An all-atom molecular dynamics study of the anti-interferon signaling of Ebola virus: interaction mechanisms of EBOV VP24 binding to Karyopherin alpha5

Abstract

Ebola virus (EBOV) is highly lethal due to virally encoded immune antagonists, and the combination of EBOV VP24 with karyopherin alpha (KPNA) will trigger anti-interferon (IFN) signaling. The crystal structure of VP24–KPNA5 has been proposed in recent studies, but the precise binding mechanisms are still unclear. In order to explore the VP24–KPNA5 protein binding micro-mechanisms, Molecular Dynamic (MD) simulations and Molecular Mechanics Generalized Born Surface Area (MM-GB/SA) energy calculation are performed. The obtained results show that EBOV VP24 binding to KPNA5 will rigidify their binding-face, and both proteins will be compacted during binding.
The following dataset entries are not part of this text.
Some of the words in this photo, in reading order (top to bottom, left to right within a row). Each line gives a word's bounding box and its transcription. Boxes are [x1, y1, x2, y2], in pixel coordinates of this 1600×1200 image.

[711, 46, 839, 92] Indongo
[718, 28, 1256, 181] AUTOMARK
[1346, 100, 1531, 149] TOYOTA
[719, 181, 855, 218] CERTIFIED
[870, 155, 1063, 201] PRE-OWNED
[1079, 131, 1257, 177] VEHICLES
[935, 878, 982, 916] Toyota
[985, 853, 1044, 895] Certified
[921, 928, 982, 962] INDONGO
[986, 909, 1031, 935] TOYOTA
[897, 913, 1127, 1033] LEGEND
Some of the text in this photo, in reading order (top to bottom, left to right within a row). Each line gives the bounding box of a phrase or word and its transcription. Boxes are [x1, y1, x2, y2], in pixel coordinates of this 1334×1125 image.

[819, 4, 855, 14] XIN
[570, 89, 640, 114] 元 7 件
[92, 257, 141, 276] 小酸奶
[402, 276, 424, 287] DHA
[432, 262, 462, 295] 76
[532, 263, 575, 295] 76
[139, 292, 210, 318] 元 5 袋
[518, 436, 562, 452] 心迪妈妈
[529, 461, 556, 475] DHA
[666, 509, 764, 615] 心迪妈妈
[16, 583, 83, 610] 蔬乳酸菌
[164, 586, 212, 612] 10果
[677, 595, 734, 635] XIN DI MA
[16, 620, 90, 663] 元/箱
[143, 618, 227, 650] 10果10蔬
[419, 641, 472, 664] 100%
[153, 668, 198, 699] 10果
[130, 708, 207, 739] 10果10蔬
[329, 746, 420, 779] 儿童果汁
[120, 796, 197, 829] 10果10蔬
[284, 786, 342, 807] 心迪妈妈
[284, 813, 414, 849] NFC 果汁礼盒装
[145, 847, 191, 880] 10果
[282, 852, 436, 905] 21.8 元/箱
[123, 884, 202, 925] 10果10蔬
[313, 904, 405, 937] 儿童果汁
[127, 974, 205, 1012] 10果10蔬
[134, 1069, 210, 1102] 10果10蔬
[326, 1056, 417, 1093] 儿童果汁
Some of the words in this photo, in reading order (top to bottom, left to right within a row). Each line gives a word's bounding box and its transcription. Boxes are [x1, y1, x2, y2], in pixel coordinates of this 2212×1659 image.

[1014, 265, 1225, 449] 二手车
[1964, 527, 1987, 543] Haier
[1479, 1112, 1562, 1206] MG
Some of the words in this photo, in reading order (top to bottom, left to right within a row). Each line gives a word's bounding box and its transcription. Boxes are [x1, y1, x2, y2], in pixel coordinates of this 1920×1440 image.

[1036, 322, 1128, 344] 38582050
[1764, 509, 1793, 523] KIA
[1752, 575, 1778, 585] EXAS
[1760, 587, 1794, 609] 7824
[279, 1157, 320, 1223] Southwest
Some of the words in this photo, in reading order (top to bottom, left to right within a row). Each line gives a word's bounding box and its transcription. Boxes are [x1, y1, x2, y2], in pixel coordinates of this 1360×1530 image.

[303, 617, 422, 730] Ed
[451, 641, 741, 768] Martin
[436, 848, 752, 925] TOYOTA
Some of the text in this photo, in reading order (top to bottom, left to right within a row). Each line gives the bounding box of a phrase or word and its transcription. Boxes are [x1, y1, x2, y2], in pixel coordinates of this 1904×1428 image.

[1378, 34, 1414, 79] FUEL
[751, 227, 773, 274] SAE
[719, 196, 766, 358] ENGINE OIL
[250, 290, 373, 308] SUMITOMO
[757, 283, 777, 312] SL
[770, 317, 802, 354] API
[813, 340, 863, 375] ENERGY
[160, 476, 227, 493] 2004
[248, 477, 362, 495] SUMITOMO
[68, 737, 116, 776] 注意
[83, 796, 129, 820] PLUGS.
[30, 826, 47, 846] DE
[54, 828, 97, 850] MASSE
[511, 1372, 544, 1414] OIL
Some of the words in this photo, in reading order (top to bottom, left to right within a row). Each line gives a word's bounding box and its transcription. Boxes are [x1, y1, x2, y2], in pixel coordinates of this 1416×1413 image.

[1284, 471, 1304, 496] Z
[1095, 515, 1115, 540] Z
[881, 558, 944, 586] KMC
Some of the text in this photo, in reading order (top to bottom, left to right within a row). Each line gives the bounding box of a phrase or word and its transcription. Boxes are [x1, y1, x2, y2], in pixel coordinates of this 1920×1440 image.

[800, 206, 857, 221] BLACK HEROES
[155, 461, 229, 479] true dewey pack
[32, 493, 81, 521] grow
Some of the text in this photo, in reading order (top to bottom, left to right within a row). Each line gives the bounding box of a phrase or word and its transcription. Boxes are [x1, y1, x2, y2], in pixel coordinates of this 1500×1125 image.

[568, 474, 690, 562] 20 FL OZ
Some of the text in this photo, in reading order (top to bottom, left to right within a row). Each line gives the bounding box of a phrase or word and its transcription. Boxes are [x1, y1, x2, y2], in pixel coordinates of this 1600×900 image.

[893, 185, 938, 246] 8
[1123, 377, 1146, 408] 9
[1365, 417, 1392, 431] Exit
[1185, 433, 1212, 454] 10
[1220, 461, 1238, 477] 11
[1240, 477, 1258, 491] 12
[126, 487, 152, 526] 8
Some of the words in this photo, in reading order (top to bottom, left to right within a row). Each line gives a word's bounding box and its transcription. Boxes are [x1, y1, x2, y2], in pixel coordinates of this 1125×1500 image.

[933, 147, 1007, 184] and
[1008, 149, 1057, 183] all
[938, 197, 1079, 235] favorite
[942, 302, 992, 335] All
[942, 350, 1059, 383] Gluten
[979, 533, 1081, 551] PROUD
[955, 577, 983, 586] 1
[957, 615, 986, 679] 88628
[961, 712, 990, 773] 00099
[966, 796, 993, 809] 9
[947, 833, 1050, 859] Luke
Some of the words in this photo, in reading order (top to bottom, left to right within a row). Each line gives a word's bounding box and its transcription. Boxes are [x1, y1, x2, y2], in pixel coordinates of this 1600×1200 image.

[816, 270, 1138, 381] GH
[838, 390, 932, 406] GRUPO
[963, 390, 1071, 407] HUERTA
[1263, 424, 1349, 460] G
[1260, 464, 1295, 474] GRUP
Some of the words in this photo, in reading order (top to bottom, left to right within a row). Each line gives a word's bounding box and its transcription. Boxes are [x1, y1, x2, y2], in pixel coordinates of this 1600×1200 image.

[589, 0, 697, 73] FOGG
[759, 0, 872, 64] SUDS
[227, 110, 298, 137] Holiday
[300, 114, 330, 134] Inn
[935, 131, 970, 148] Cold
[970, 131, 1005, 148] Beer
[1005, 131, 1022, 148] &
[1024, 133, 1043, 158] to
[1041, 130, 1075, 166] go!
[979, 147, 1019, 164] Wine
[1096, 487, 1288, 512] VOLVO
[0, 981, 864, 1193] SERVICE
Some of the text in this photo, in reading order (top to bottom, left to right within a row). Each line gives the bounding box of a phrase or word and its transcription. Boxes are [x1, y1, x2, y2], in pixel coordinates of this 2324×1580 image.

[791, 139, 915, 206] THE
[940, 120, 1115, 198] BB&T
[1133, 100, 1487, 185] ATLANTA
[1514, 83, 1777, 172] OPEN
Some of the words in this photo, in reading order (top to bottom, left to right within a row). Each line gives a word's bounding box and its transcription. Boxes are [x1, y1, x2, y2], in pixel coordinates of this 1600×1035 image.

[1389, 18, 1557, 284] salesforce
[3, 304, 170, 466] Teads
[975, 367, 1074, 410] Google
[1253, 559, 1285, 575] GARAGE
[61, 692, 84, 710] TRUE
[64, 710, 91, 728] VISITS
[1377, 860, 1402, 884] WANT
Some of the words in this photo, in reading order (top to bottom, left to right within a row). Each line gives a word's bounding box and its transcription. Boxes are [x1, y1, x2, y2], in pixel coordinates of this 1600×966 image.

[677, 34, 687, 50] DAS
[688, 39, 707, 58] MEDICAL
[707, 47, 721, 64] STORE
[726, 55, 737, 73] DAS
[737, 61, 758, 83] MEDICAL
According to the analyses of binding free energies of WT and the eight mutant systems, MUT3 makes the most effective contributions to the interaction; additionally MUT4, R398A and the double mutant have the second most effective influence. Hydrogen bond analysis demonstrates that inhibitors which can interfere with the formation of hydrogen bonds D480–T138, E483–R137 and D205–R396 will prevent the anti-IFN effect. Meanwhile, by combining the decomposition of binding free energies (DC) with computational alanine scanning (CAS) results, it is shown that VP24 residues R137 and T138 will be potential targets for EBOV VP24 inhibitors, and KPNA5 residues R396, R398, R480, Y477 and F484 will be potential targets to prevent KPNA5 binding to VP24, which will ultimately block anti-IFN signaling. Our investigations provide theoretical data to understand the binding modes of VP24–KPNA5. The precise binding mechanisms of the complex may shed light on the development of potential novel inhibitors against EBOV infection.